··· STUDY MATERIAL ···
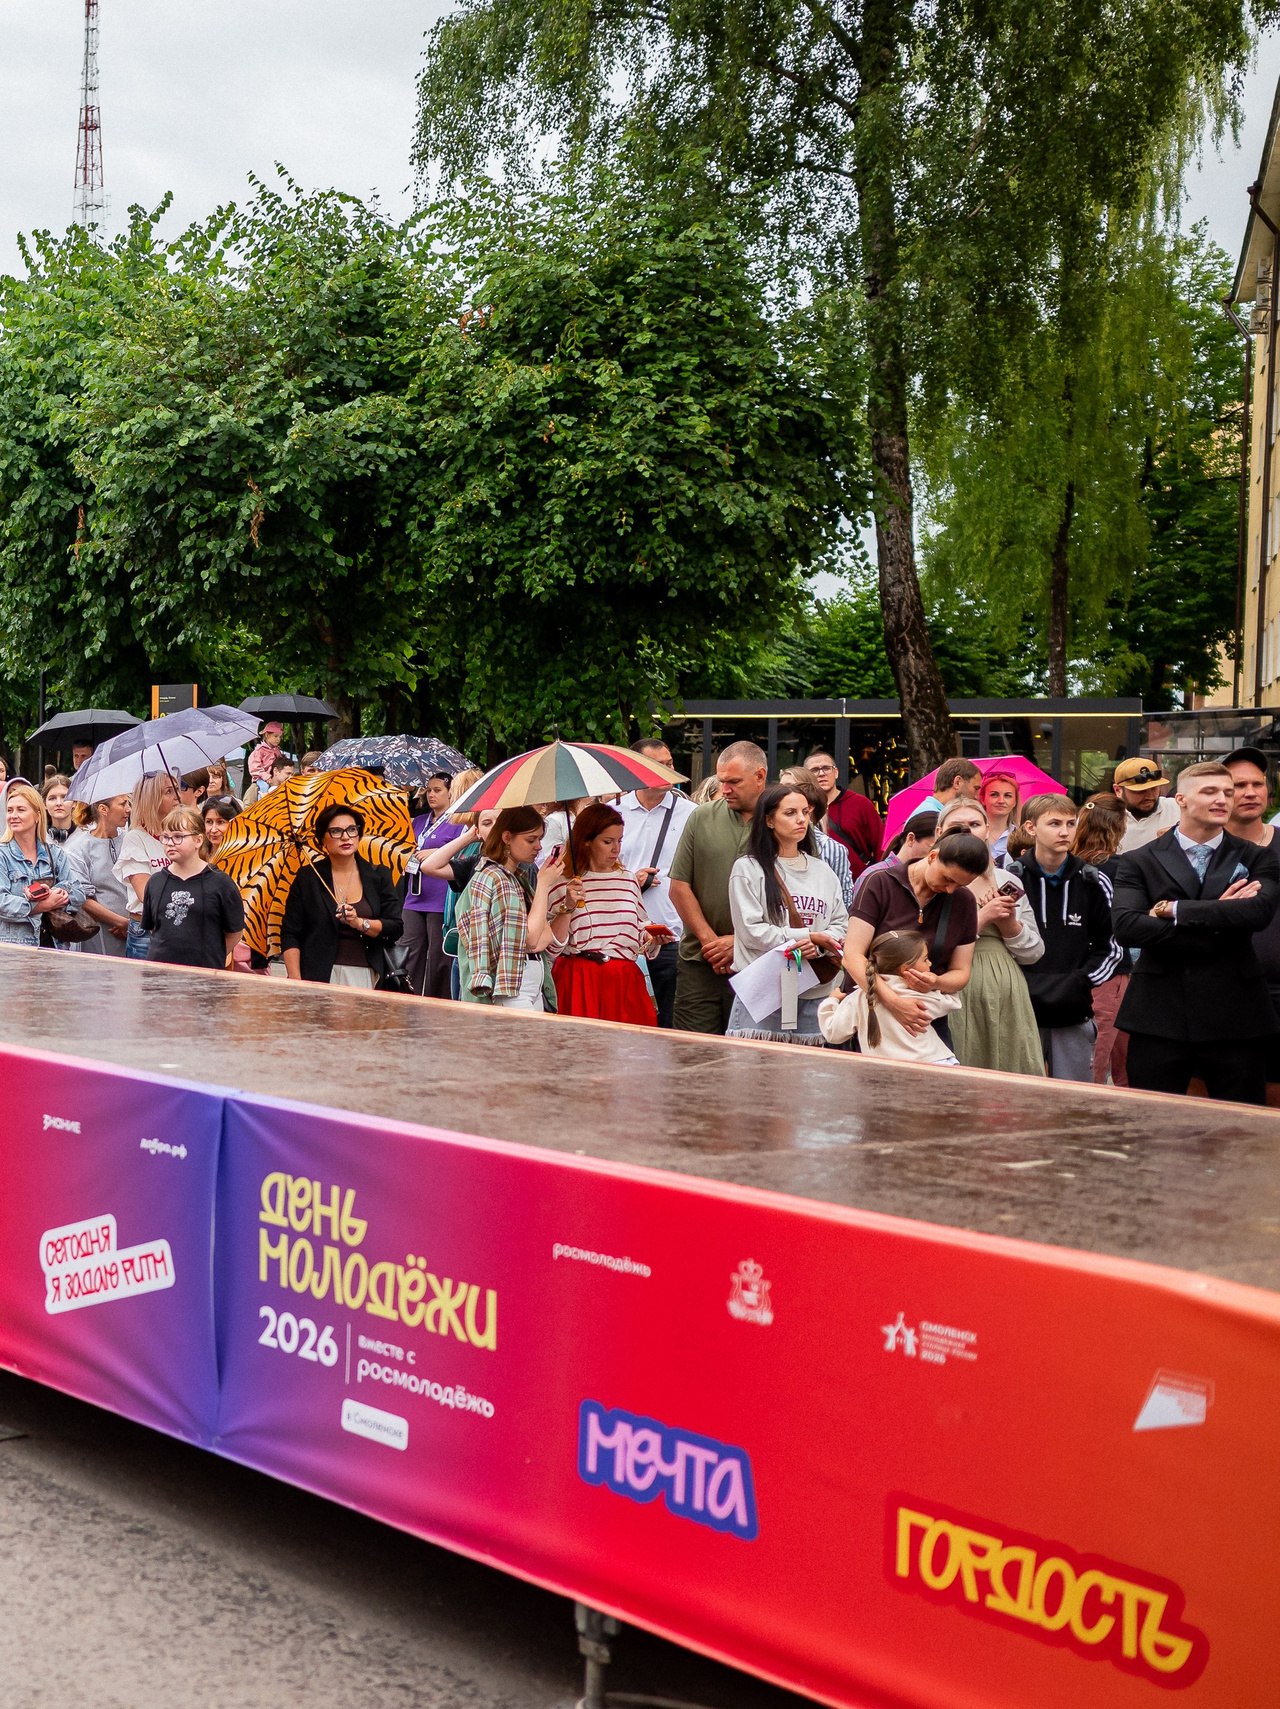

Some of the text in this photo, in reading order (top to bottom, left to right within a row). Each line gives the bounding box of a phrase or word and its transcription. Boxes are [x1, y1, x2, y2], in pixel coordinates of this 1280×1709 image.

[552, 1242, 652, 1278] росмолодёжь
[258, 1305, 339, 1368] 2026
[357, 1333, 417, 1366] вместе с
[356, 1357, 496, 1419] росмолодёжь
···
Reproduce the entire listing above precisely, but keep the images out.

Some of the text in this photo, in reading order (top to bottom, left to right within a row). Each line gives the bounding box of a phrase or word and its transcription. Boxes are [x1, y1, x2, y2], in pixel coordinates of this 1280×1709 image.

[552, 1242, 652, 1278] росмолодёжь
[258, 1305, 339, 1368] 2026
[357, 1333, 417, 1366] вместе с
[356, 1357, 496, 1419] росмолодёжь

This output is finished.